Financial Goals

  1. Revisit your budget or create a new one. Year-end is an ideal time to assess spending and determine if a budget adjustment will help you meet your financial goals.
  2. Consider starting the New Year with less paper by switching to electronic versions of paper statements.
  3. Evaluate accounts before year-end to see if any can be closed or consolidated. Eliminating extra accounts will mean fewer 1099s.
  4. Automate routine bill payments to eliminate service interruptions. Create a bill checklist to be sure critical payments are not overlooked. For instance if an insurance bill was lost in the mail, is there a trigger that would remind you when payment is due?
  5. Create an emergency cash fund to cover 3-6 months’ worth of living expenses. One option is to put a specific amount from each paycheck into a separate account, using automatic transfers. Alternatively, you can use bonus checks, rebates or tax refunds to fund your “rainy day account”.
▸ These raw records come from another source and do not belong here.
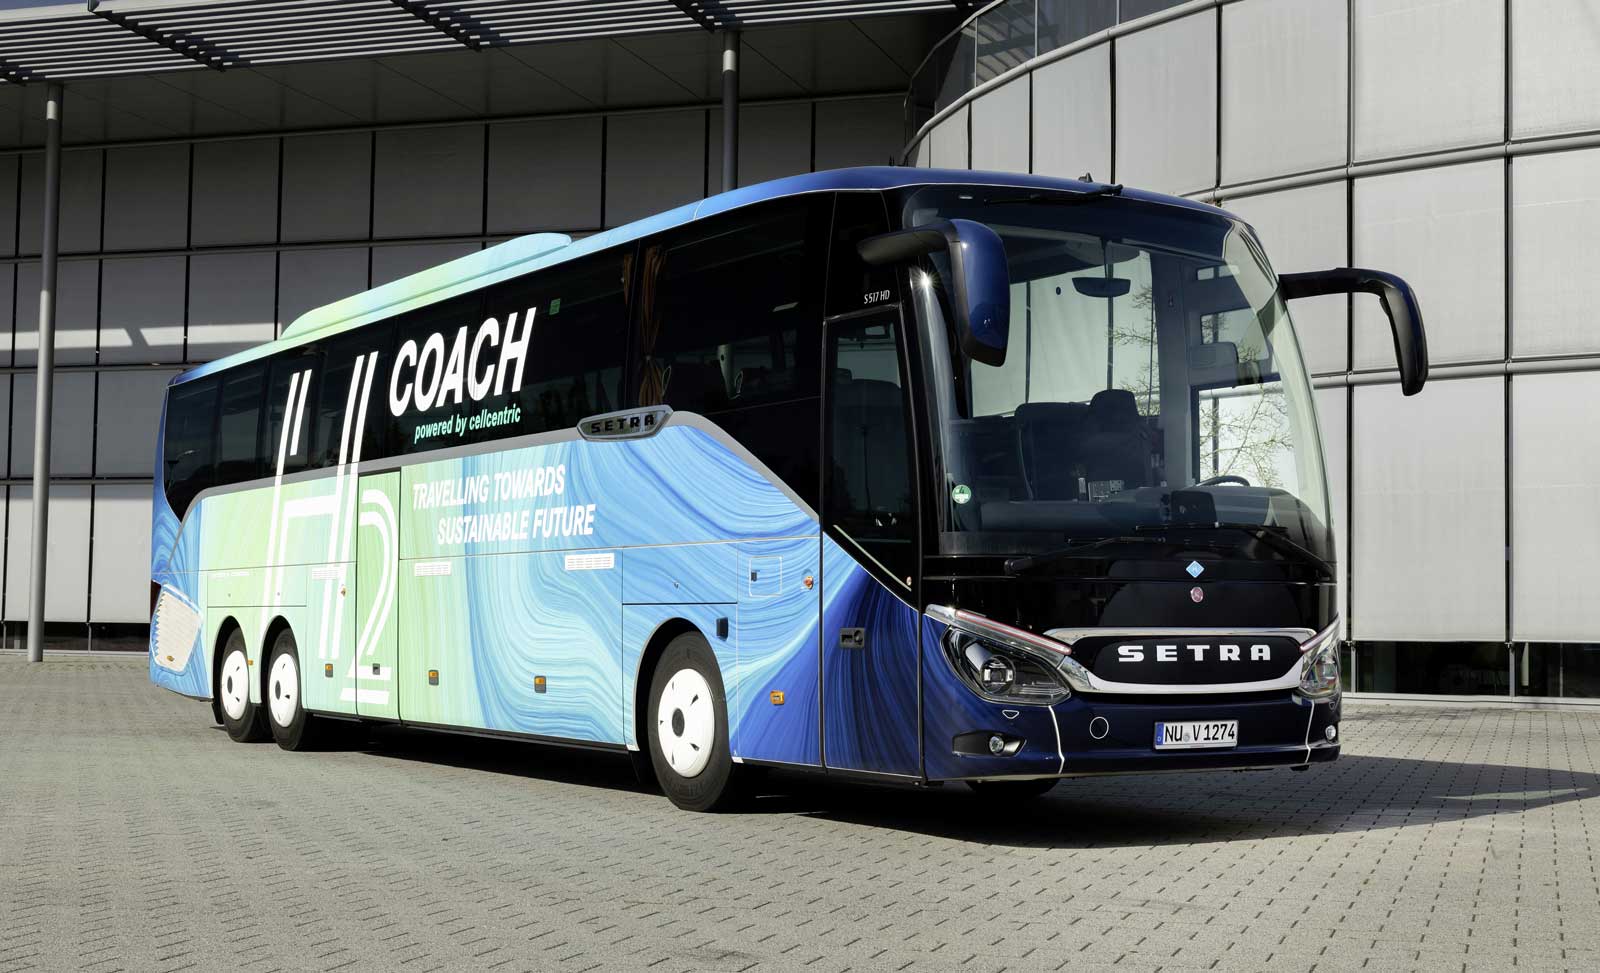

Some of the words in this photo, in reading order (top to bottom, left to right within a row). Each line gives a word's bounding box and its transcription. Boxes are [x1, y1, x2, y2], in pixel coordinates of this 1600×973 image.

[869, 291, 879, 303] 517
[880, 289, 890, 301] HD
[389, 307, 536, 417] COACH
[414, 415, 453, 444] powered
[455, 414, 467, 437] by
[469, 403, 521, 430] cellcentric
[591, 414, 655, 433] SETRA
[413, 476, 490, 510] TRAVELLING
[493, 464, 566, 501] TOWARDS
[437, 512, 529, 545] SUSTAINABLE
[533, 504, 596, 538] FUTURE
[1117, 644, 1271, 662] SETRA
[1165, 725, 1183, 742] NU
[1193, 724, 1201, 741] V
[1203, 723, 1235, 741] 1274
  6. Evaluate your filing system. The New Year is an ideal time to evaluate ways to improve access to critical information.
  7. Review all financial documents including mortgage, retirement plans, Health Savings Accounts (HSA) and other investments to determine if changes are required to adequately diversify and be tax efficient. Also, review auto and home insurance coverage to see if you can save money by having your coverage with the same company.
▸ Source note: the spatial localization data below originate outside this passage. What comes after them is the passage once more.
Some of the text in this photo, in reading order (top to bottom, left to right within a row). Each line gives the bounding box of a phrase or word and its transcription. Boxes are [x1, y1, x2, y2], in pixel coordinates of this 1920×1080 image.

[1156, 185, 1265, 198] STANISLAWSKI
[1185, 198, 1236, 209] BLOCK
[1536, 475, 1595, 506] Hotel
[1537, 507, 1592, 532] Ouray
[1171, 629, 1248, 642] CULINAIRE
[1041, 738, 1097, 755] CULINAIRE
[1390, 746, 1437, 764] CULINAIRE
  8. If you receive a pay raise, consider putting the extra money in a savings account or use it to pay down credit card debt.
  9. Monitor your credit report. Request your Free Credit Report and fix any errors.
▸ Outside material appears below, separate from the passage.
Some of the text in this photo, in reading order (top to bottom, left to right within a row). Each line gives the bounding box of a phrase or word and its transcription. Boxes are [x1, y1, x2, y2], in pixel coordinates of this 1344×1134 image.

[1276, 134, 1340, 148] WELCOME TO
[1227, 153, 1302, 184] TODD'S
  10. Be sure to update your estate documents, e.g. wills, trusts, power of attorney for health care and for finances, and child’s guardian. Also, make sure named beneficiaries on all life insurance policies and financial documents are current.

Tax Prep Tips

  1. Label and set aside a large manila folder or envelope for tax related information (W-2s, 1099s, year-end bank, property and investment statements, medical and dental expenses, education expenses). When you receive a tax form in the mail, review it to make sure it is correct and place it in the folder or envelope.
  2. Decide if you are going to do your own taxes using an online program such as Turbo Tax or hire a CPA. If using an online program, make sure it is easy to understand and excellent customer service is available. If hiring someone to do your taxes, find out their deadline to have documents delivered to them for filing. If you wait too long to get your information to the tax professional, they may not be able to file your taxes on time and an extension will need to be filed. This is important in the event you owe for the tax year as penalties and interest will be added to the unpaid tax on a daily basis after April 15th.
  3. Review previous year’s tax return and review Schedule B for interest and dividends paid to make sure these are included in current year. Also, check Schedule A for last year’s deductions.
  4. Review credit card and bank statements for possible deductions at tax time.
  5. Request printout from your pharmacy of drugs purchased for the taxable year.
  6. Remember to mark calendar for 4th quarter estimated tax payments DUE on January 15th.
  7. Make sure Required Minimum Distribution (RMD) is taken by the year-end.
  8. If you plan to itemize charitable contributions on your taxes, it’s important to gather all receipts for these donations; include the date donated, a description of the items, the fair value and the approximate purchase price and date.
  9. To claim the childcare credit, you should gather the information for the amount paid, who you paid and their social security number or employee identification number.
  10. Remember to file both state and federal taxes.